» **EXERCISE REQUIREMENTS**
The data should be written out in full, exactly as it stands, and the pictures dropped.

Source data

■ ■ ■

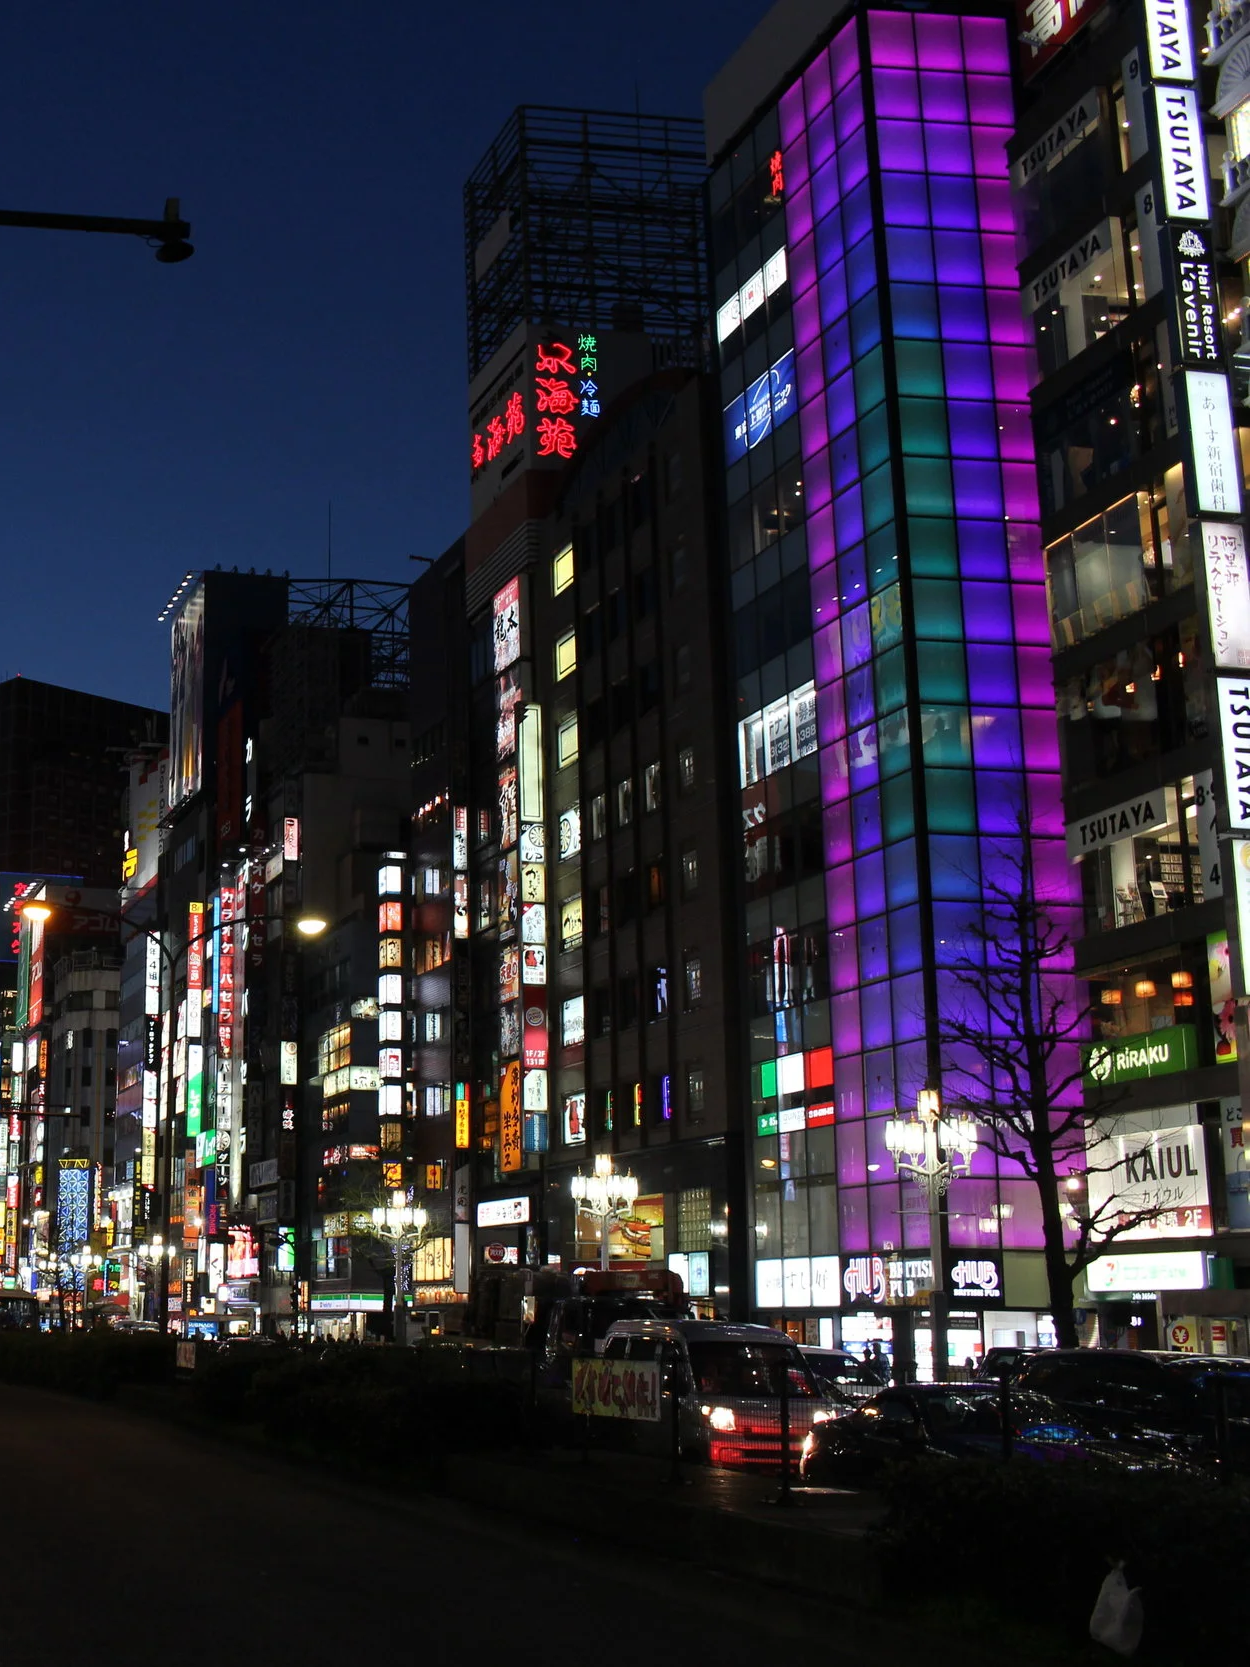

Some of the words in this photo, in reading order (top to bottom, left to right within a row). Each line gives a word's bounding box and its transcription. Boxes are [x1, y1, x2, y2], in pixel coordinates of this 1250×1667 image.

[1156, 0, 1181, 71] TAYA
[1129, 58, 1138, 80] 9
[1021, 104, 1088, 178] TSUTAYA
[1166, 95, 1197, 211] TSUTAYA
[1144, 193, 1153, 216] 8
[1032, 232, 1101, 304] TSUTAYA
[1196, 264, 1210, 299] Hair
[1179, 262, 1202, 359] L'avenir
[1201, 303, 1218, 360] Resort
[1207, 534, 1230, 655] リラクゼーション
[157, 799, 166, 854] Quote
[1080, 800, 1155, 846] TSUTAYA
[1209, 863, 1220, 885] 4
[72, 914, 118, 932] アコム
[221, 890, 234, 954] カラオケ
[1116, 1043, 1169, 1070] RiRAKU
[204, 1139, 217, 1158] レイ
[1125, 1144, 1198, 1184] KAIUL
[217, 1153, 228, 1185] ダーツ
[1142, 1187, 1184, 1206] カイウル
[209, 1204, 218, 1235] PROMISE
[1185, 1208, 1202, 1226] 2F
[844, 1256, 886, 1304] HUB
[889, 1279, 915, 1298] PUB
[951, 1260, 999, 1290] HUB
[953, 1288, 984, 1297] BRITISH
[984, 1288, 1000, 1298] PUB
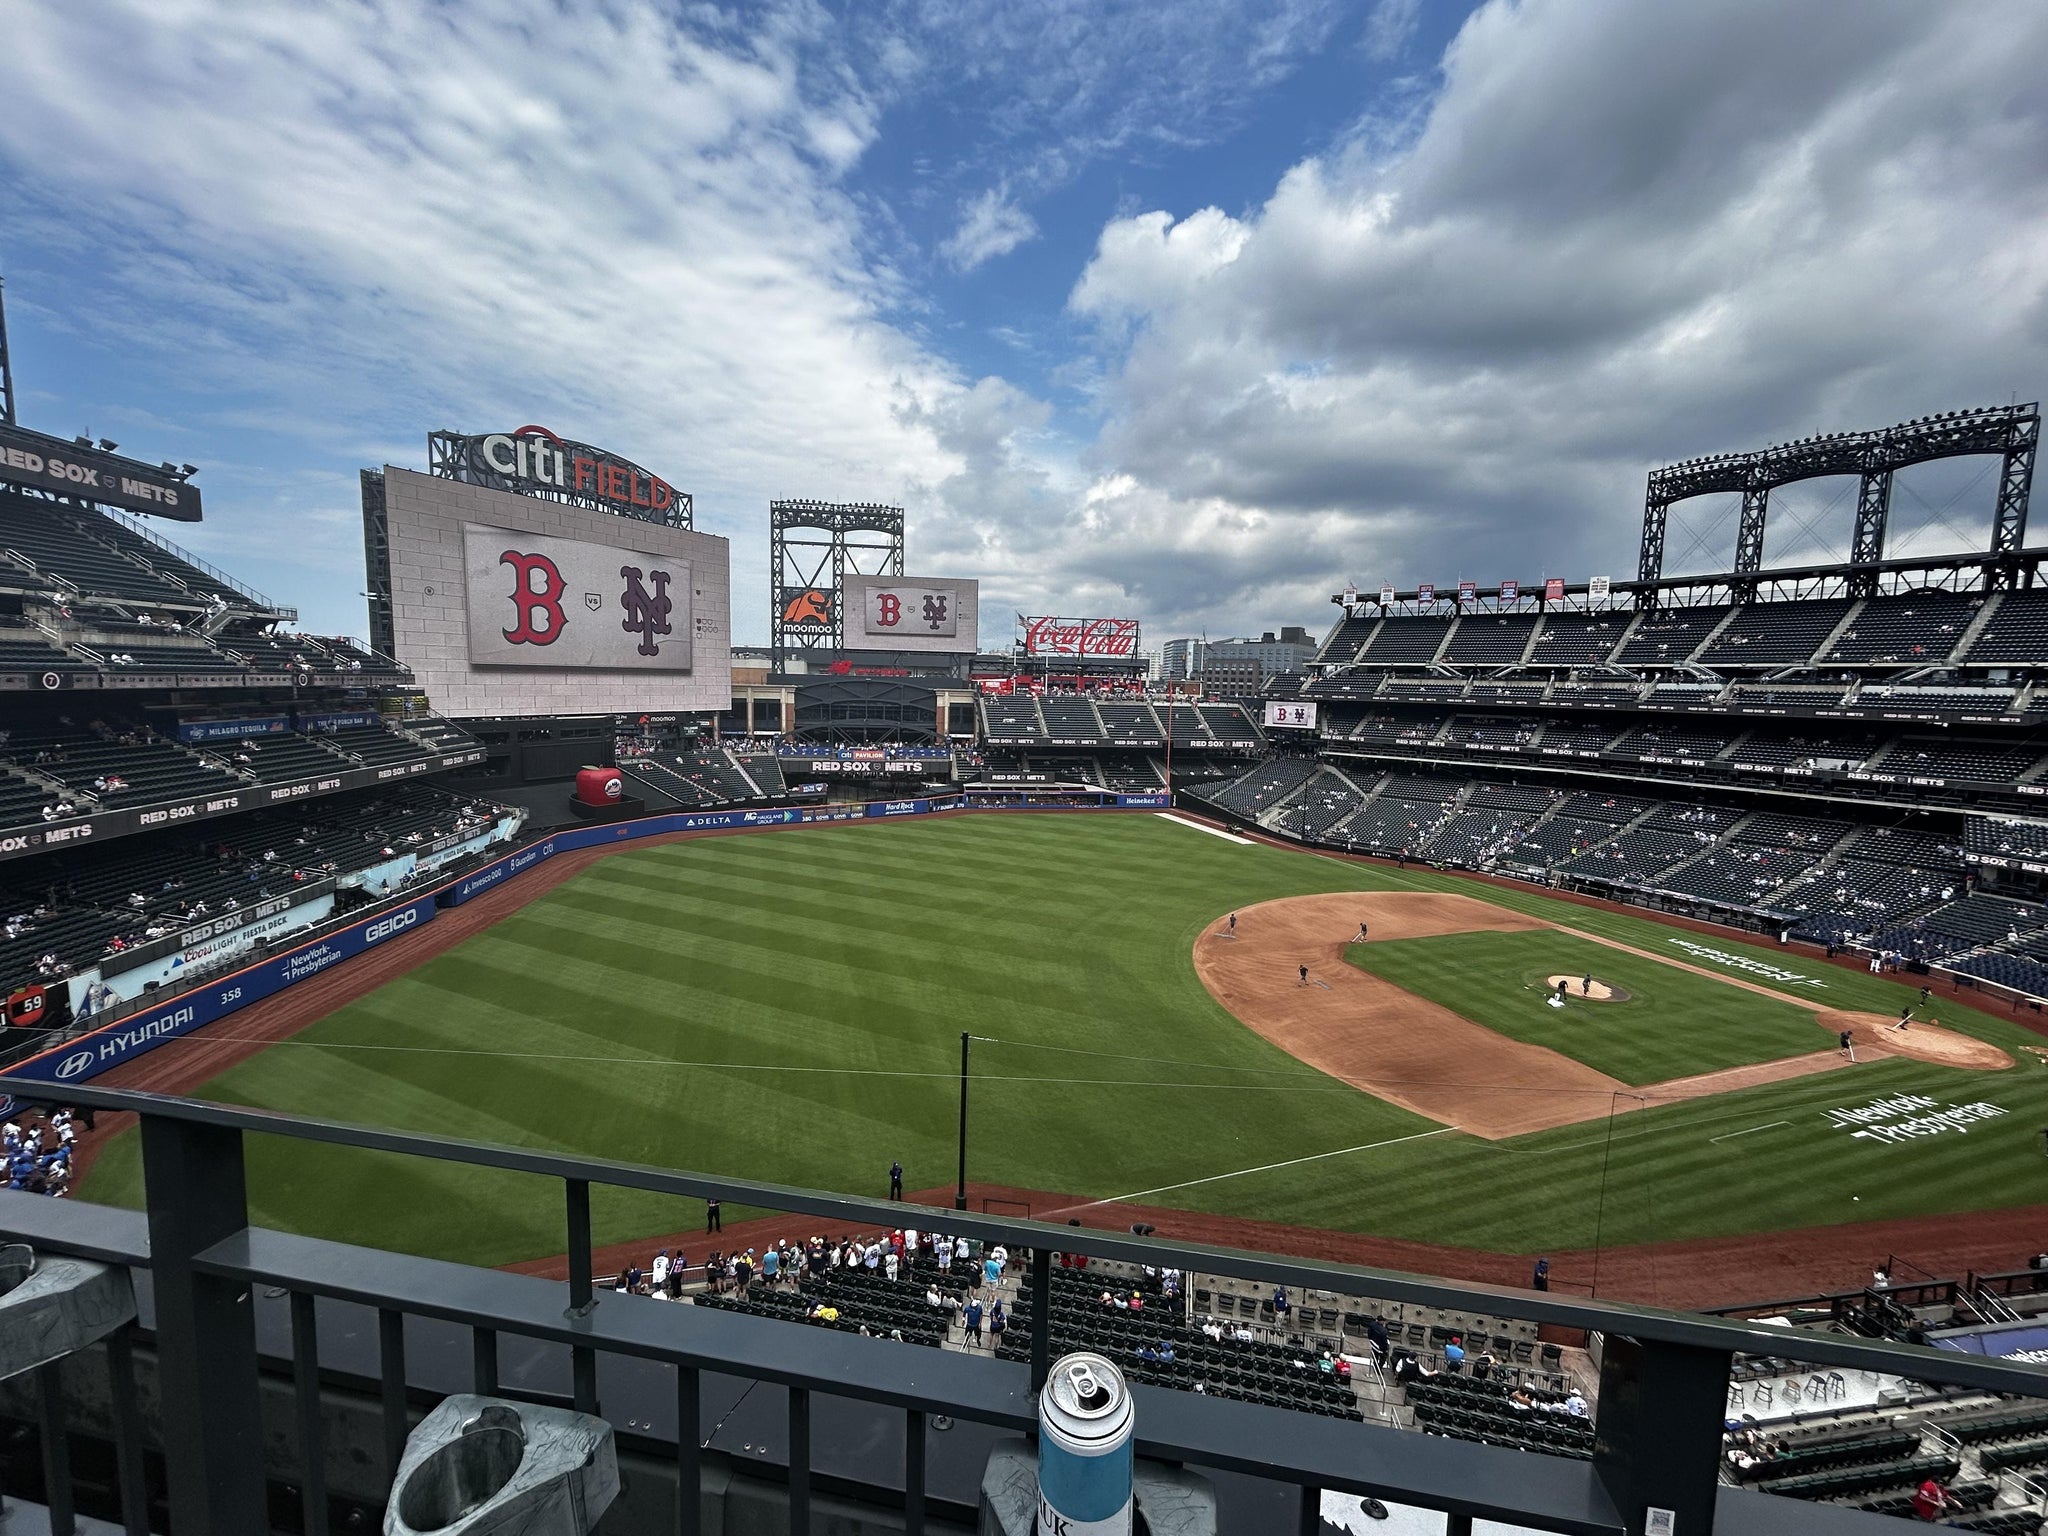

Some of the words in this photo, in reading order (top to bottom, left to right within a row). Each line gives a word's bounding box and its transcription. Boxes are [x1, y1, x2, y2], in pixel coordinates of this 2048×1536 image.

■ ■ ■

» **RESPONSE TO THE TASK**
Some of the words in this photo, in reading order (top to bottom, left to right within a row). Each line gives a word's bounding box and its transcription. Boxes are [x1, y1, x2, y2], in pixel coordinates of this 1250×1667 image.

[1156, 0, 1181, 71] TAYA
[1129, 58, 1138, 80] 9
[1021, 104, 1088, 178] TSUTAYA
[1166, 95, 1197, 211] TSUTAYA
[1144, 193, 1153, 216] 8
[1032, 232, 1101, 304] TSUTAYA
[1196, 264, 1210, 299] Hair
[1179, 262, 1202, 359] L'avenir
[1201, 303, 1218, 360] Resort
[1207, 534, 1230, 655] リラクゼーション
[157, 799, 166, 854] Quote
[1080, 800, 1155, 846] TSUTAYA
[1209, 863, 1220, 885] 4
[72, 914, 118, 932] アコム
[221, 890, 234, 954] カラオケ
[1116, 1043, 1169, 1070] RiRAKU
[204, 1139, 217, 1158] レイ
[1125, 1144, 1198, 1184] KAIUL
[217, 1153, 228, 1185] ダーツ
[1142, 1187, 1184, 1206] カイウル
[209, 1204, 218, 1235] PROMISE
[1185, 1208, 1202, 1226] 2F
[844, 1256, 886, 1304] HUB
[889, 1279, 915, 1298] PUB
[951, 1260, 999, 1290] HUB
[953, 1288, 984, 1297] BRITISH
[984, 1288, 1000, 1298] PUB

Some of the words in this photo, in reading order (top to bottom, left to right within a row). Each line gives a word's bounding box and its transcription. Boxes are [x1, y1, x2, y2], in pixel coordinates of this 2048×1536 image.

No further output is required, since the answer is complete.